I don't entirely rule out the influence of the smoked turkey I munched at midnight, but I had ominous bad dreams on New Year's Night. New Year's Eve I was mostly sleepless, wondering why I'd rejected the advances of the Russian (Seryozha) who wanted to come home with me from Ty's (ten years younger, looked ten years older - I blame cigarettes). But then I wouldn't have slept at all, because the presence of unfamiliar folk in my bed keeps me awake like nothing else, and I can't even turn on the light and read.

Anyway, the first part of this morning's dream was fun: attending a Handel opera, David Daniels playing Hercules (which opera was this? Perhaps Ercole sul Termodonte, or Hercules Among the Dinosaurs, Vivaldi score based on an old Steve Reeves script), and I had a complimentary press seat, and all was hunky-dory, except that they kept pausing the performance to reconfigure the bleacher seating, and the audience would patiently move around, and each time they did it, my seat was harder and harder to find, and I felt conspicuous, as if it were my fault that the performance was being delayed, and there was no sign of Mr. D!

But then I found myself in a lab with my beloved Dr. Ellen Gold, my oncologist, who cured me of lymphoma way back when (1997), who was doing some sort of routine exam, and I was fixating rather on her hair, as black as I remembered it but far longer and more exotic seeming (I've been reading too much poetic Orhan Pamuk fiction, eh?) , with spangly colors in it like a peacock's tail, and all this (perhaps she had removed it while she went to do some tests) in a blasé frame of mind until she returned with something or other, some removable body part, or some petri dish, or some X-ray, and said, "This isn't good."

She sounded so calm that I did not fluster. I asked, "Not good as in ... how?" And she said, glumly, "Very not good." I said, "It's back?" and she replied, "Yes, it's back." And we both knew, on the instant, that chemo would not work this time, that the cancer would kill me this time, that I had rolled the dice (or played the hand) and lost big-time. Did I still have time to visit St. Petersburg? Palermo? Isfahan? Havana? Did I still have time to get to 500 operas? (I'm up to 484.) Did I still have time to finish writing a book? Did I -- ?

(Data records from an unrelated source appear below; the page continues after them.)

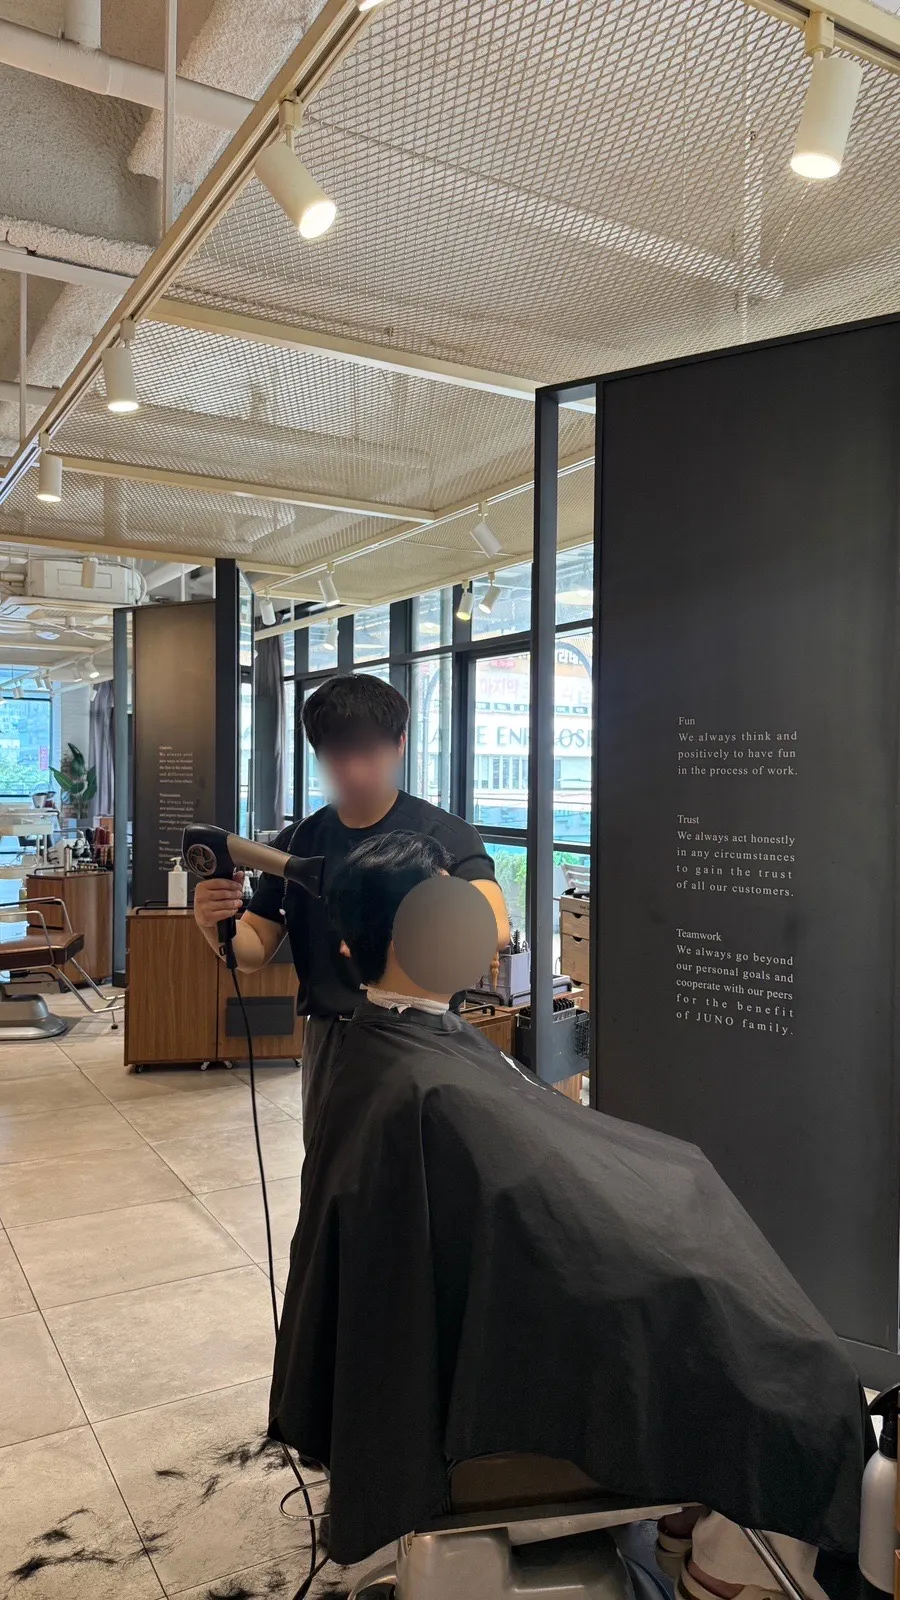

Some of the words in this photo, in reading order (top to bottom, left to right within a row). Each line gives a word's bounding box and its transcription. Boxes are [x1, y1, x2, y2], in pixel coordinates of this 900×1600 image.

[678, 716, 696, 725] Fun
[678, 733, 694, 742] We
[698, 732, 737, 743] always
[741, 731, 772, 741] think
[776, 731, 798, 741] and
[678, 749, 730, 761] positively
[733, 750, 744, 758] to
[748, 749, 773, 758] have
[778, 748, 796, 758] fun
[678, 765, 688, 775] in
[691, 766, 706, 775] the
[709, 766, 748, 777] process
[752, 766, 765, 775] of
[767, 766, 798, 775] work.
[677, 815, 700, 824] Trust
[677, 831, 692, 840] We
[695, 832, 729, 844] always
[750, 834, 796, 847] honestly
[677, 847, 687, 856] in
[691, 849, 710, 860] any
[714, 849, 795, 862] circumstances
[676, 864, 688, 873] to
[695, 865, 723, 876] gain
[730, 867, 751, 877] the
[759, 869, 792, 879] trust
[676, 880, 688, 889] of
[691, 881, 705, 890] all
[709, 883, 728, 892] our
[732, 885, 794, 897] customers.
[676, 928, 722, 942] Teamwork
[676, 945, 692, 955] We
[695, 947, 732, 960] always
[735, 953, 749, 962] go
[753, 953, 794, 966] beyond
[676, 963, 693, 971] our
[695, 964, 739, 977] personal
[743, 970, 771, 980] goals
[774, 974, 794, 983] and
[676, 979, 721, 991] cooperate
[723, 984, 745, 994] with
[747, 988, 764, 997] our
[766, 990, 793, 1000] peers
[676, 993, 697, 1004] for
[706, 998, 728, 1009] the
[737, 1001, 794, 1018] benefit
[676, 1011, 690, 1020] of
[696, 1012, 734, 1026] JUNO
[742, 1019, 794, 1036] family.

"I don't know," she said. She sounded hopeless, as despairing as I felt. I certainly didn't blame her. If anything I felt lousy about letting her down. E muoio disperato.... No doubt that will come in time. But not yet. We were examining the bloody sample, whatever it was. It didn't look good. Even I could see that. Too depressed to ask for a second opinion, I took the easy way out - I woke up.

This would depress me but I'm too busy with various jobs to give it a thought. And Chris wants to haul me to Film Forum for a Joan Crawford film noir.